Le BJP a remporté 240 sièges au Parlement, à 32 sièges de la majorité absolue et nettement en deçà des 303 sièges gagnés en 2019.
Contre toute attente, le Congrès, principal parti d'opposition, a acquis 99 sièges, doublant presque son score de 2019 (52 sièges).
"Le pays a dit à Narendra Modi : 'Nous ne voulons pas de vous'", s'est félicité le chef de file de l'opposition, réélu haut la main dans la circonscription méridionale de Wayanad.
La plupart des analystes et les sondages de sortie des urnes avaient prédit le triomphe de Narendra Modi, accusé par ses détracteurs d'instrumentaliser la justice avec l'emprisonnement de dirigeants de l'opposition et de bafouer notamment les droits des minorités religieuses, dont plus de 200 millions d'Indiens musulmans.
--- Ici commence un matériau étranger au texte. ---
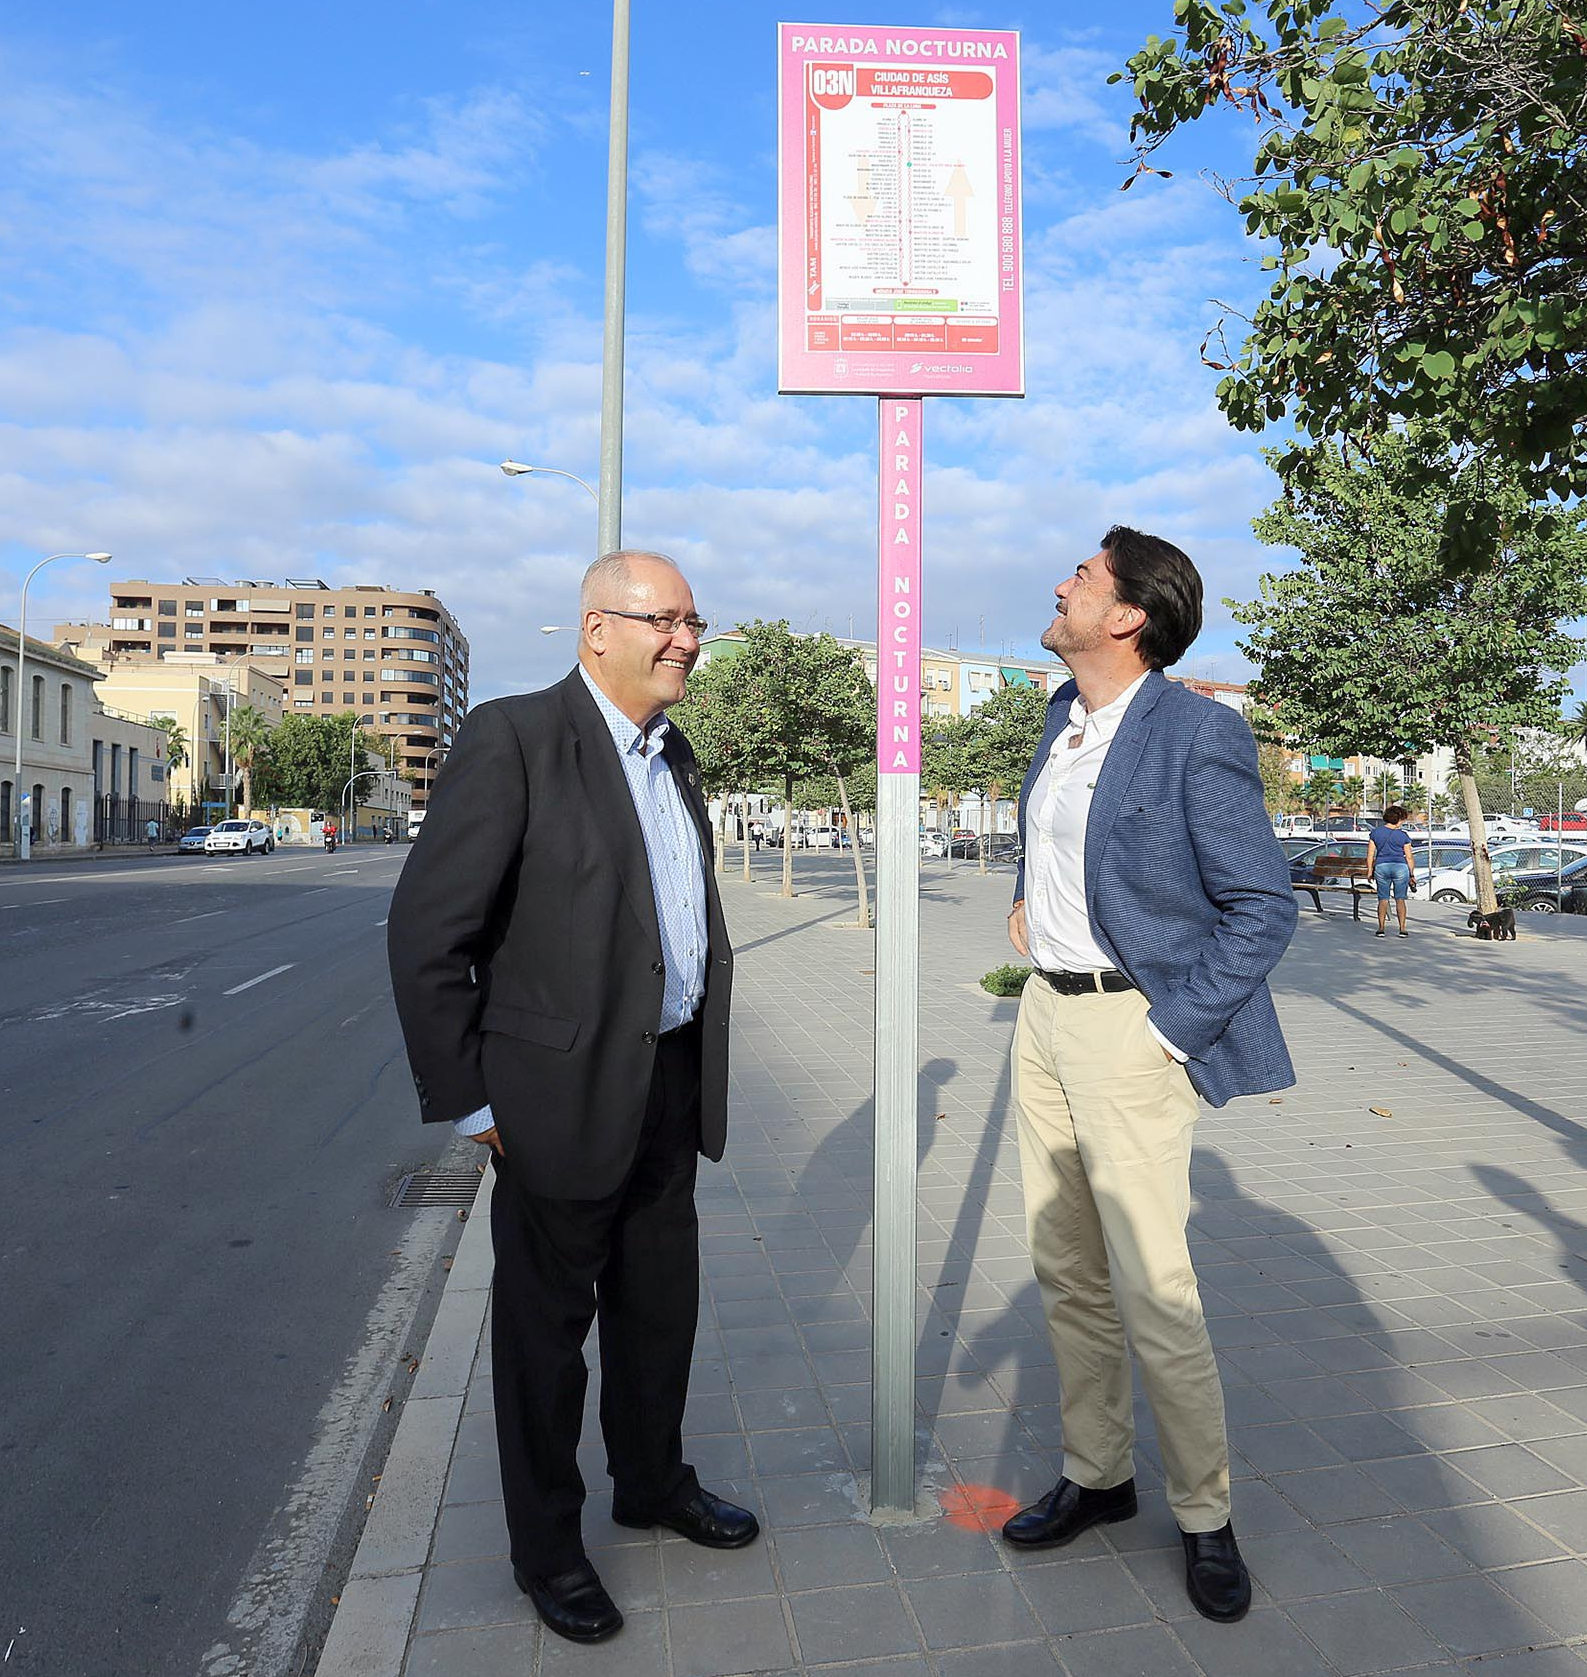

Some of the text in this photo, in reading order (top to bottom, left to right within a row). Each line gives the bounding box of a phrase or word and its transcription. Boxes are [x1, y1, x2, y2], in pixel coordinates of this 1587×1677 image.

[791, 36, 1009, 59] PARADA NOCTURNA
[813, 69, 853, 96] 03N
[874, 71, 949, 84] CIUDAD DE ASÍS
[870, 84, 953, 97] VILLAFRANQUEZA
[1003, 128, 1012, 148] MUJER
[1003, 149, 1012, 157] LA
[1003, 163, 1013, 184] APOYO
[1001, 216, 1013, 234] 888
[1002, 236, 1014, 253] 580
[809, 256, 817, 278] TAM
[1002, 255, 1014, 272] 900
[1002, 274, 1014, 292] TEL.
[924, 364, 973, 373] vectalia
[893, 406, 911, 768] PARADA NOCTURNA
Le Premier ministre a été réélu dans sa circonscription de Varanasi avec une marge bien plus faible qu'il y a cinq ans.
Désormais dépendant des alliés de sa coalition, le BJP devra chercher le consensus pour faire voter ses textes au Parlement.
"La possibilité qu'ils jouent de leur influence, encouragés par des propositions du parti du Congrès et d'autres membres de l'opposition, sera une source d'inquiétude constante pour le BJP", souligne le quotidien Times of India.
Selon Hartosh Singh Bal, journaliste politique du magazine The Caravan, Narendra Modi doit maintenant "travailler avec ses partenaires d'alliance (...), qui peuvent se retirer à tout moment".
Le siège du Congrès était dans l'allégresse mardi soir à New Delhi.
"Le BJP a échoué à obtenir une large majorité à lui seul", a déclaré à la presse Rajeev Shukla, député du Congrès. "C'est une défaite morale pour eux."

L'opposition a peiné devant la puissante machine de campagne du BJP, abondamment financée, et des poursuites judiciaires à l'encontre de plusieurs de ses dirigeants.
La minorité musulmane a exprimé son inquiétude pour son avenir et celui de la Constitution laïque de l'Inde que le programme nationaliste hindou semble menacer.